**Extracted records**
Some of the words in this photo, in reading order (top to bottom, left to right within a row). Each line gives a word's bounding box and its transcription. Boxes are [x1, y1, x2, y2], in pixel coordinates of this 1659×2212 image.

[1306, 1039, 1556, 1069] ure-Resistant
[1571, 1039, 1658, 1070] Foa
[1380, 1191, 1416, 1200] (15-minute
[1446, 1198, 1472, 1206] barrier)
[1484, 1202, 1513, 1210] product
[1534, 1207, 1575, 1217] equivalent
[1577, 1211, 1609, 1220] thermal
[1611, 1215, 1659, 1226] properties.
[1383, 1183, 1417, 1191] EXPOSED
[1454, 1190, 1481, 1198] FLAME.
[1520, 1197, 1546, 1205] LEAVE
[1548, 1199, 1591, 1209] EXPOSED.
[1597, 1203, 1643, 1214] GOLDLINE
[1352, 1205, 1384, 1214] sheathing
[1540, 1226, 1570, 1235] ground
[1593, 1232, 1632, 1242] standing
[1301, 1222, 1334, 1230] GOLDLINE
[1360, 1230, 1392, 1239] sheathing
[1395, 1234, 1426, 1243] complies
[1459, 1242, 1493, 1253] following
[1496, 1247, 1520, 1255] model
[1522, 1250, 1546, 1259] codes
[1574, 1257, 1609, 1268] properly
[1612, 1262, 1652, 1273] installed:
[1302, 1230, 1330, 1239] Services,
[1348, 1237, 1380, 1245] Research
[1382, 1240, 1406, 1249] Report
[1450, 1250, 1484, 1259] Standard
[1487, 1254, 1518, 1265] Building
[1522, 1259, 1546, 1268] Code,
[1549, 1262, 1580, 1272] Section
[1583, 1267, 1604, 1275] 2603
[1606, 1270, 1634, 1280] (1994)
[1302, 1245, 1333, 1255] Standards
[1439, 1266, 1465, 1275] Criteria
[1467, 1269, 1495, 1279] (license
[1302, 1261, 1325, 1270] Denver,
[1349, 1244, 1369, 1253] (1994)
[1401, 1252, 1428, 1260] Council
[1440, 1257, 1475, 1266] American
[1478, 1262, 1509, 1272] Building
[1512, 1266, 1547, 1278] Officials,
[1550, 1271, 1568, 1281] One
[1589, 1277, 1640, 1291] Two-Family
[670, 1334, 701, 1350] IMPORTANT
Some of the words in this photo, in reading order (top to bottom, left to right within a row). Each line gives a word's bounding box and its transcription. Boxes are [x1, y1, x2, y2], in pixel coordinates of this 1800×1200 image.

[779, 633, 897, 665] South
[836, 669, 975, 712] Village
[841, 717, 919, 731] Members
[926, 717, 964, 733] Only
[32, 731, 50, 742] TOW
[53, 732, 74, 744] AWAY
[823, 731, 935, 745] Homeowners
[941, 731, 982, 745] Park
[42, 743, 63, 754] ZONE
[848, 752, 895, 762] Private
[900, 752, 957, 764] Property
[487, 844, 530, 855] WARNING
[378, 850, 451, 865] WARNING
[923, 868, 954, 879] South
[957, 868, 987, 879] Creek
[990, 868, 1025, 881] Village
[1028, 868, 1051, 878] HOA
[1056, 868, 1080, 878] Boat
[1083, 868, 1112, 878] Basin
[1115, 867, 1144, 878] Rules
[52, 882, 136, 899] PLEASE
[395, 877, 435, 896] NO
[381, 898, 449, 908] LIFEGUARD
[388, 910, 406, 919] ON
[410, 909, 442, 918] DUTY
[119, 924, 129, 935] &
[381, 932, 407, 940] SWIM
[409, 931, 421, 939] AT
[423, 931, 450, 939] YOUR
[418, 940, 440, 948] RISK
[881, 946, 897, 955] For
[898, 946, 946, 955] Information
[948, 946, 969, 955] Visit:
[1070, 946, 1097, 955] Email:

**PROBLEM STATEMENT**
Reproduce each entry above exactly, keeping every character.

**TASK ANSWER**
Some of the words in this photo, in reading order (top to bottom, left to right within a row). Each line gives a word's bounding box and its transcription. Boxes are [x1, y1, x2, y2], in pixel coordinates of this 1659×2212 image.

[1306, 1039, 1556, 1069] ure-Resistant
[1571, 1039, 1658, 1070] Foa
[1380, 1191, 1416, 1200] (15-minute
[1446, 1198, 1472, 1206] barrier)
[1484, 1202, 1513, 1210] product
[1534, 1207, 1575, 1217] equivalent
[1577, 1211, 1609, 1220] thermal
[1611, 1215, 1659, 1226] properties.
[1383, 1183, 1417, 1191] EXPOSED
[1454, 1190, 1481, 1198] FLAME.
[1520, 1197, 1546, 1205] LEAVE
[1548, 1199, 1591, 1209] EXPOSED.
[1597, 1203, 1643, 1214] GOLDLINE
[1352, 1205, 1384, 1214] sheathing
[1540, 1226, 1570, 1235] ground
[1593, 1232, 1632, 1242] standing
[1301, 1222, 1334, 1230] GOLDLINE
[1360, 1230, 1392, 1239] sheathing
[1395, 1234, 1426, 1243] complies
[1459, 1242, 1493, 1253] following
[1496, 1247, 1520, 1255] model
[1522, 1250, 1546, 1259] codes
[1574, 1257, 1609, 1268] properly
[1612, 1262, 1652, 1273] installed:
[1302, 1230, 1330, 1239] Services,
[1348, 1237, 1380, 1245] Research
[1382, 1240, 1406, 1249] Report
[1450, 1250, 1484, 1259] Standard
[1487, 1254, 1518, 1265] Building
[1522, 1259, 1546, 1268] Code,
[1549, 1262, 1580, 1272] Section
[1583, 1267, 1604, 1275] 2603
[1606, 1270, 1634, 1280] (1994)
[1302, 1245, 1333, 1255] Standards
[1439, 1266, 1465, 1275] Criteria
[1467, 1269, 1495, 1279] (license
[1302, 1261, 1325, 1270] Denver,
[1349, 1244, 1369, 1253] (1994)
[1401, 1252, 1428, 1260] Council
[1440, 1257, 1475, 1266] American
[1478, 1262, 1509, 1272] Building
[1512, 1266, 1547, 1278] Officials,
[1550, 1271, 1568, 1281] One
[1589, 1277, 1640, 1291] Two-Family
[670, 1334, 701, 1350] IMPORTANT
Some of the words in this photo, in reading order (top to bottom, left to right within a row). Each line gives a word's bounding box and its transcription. Boxes are [x1, y1, x2, y2], in pixel coordinates of this 1800×1200 image.

[779, 633, 897, 665] South
[836, 669, 975, 712] Village
[841, 717, 919, 731] Members
[926, 717, 964, 733] Only
[32, 731, 50, 742] TOW
[53, 732, 74, 744] AWAY
[823, 731, 935, 745] Homeowners
[941, 731, 982, 745] Park
[42, 743, 63, 754] ZONE
[848, 752, 895, 762] Private
[900, 752, 957, 764] Property
[487, 844, 530, 855] WARNING
[378, 850, 451, 865] WARNING
[923, 868, 954, 879] South
[957, 868, 987, 879] Creek
[990, 868, 1025, 881] Village
[1028, 868, 1051, 878] HOA
[1056, 868, 1080, 878] Boat
[1083, 868, 1112, 878] Basin
[1115, 867, 1144, 878] Rules
[52, 882, 136, 899] PLEASE
[395, 877, 435, 896] NO
[381, 898, 449, 908] LIFEGUARD
[388, 910, 406, 919] ON
[410, 909, 442, 918] DUTY
[119, 924, 129, 935] &
[381, 932, 407, 940] SWIM
[409, 931, 421, 939] AT
[423, 931, 450, 939] YOUR
[418, 940, 440, 948] RISK
[881, 946, 897, 955] For
[898, 946, 946, 955] Information
[948, 946, 969, 955] Visit:
[1070, 946, 1097, 955] Email:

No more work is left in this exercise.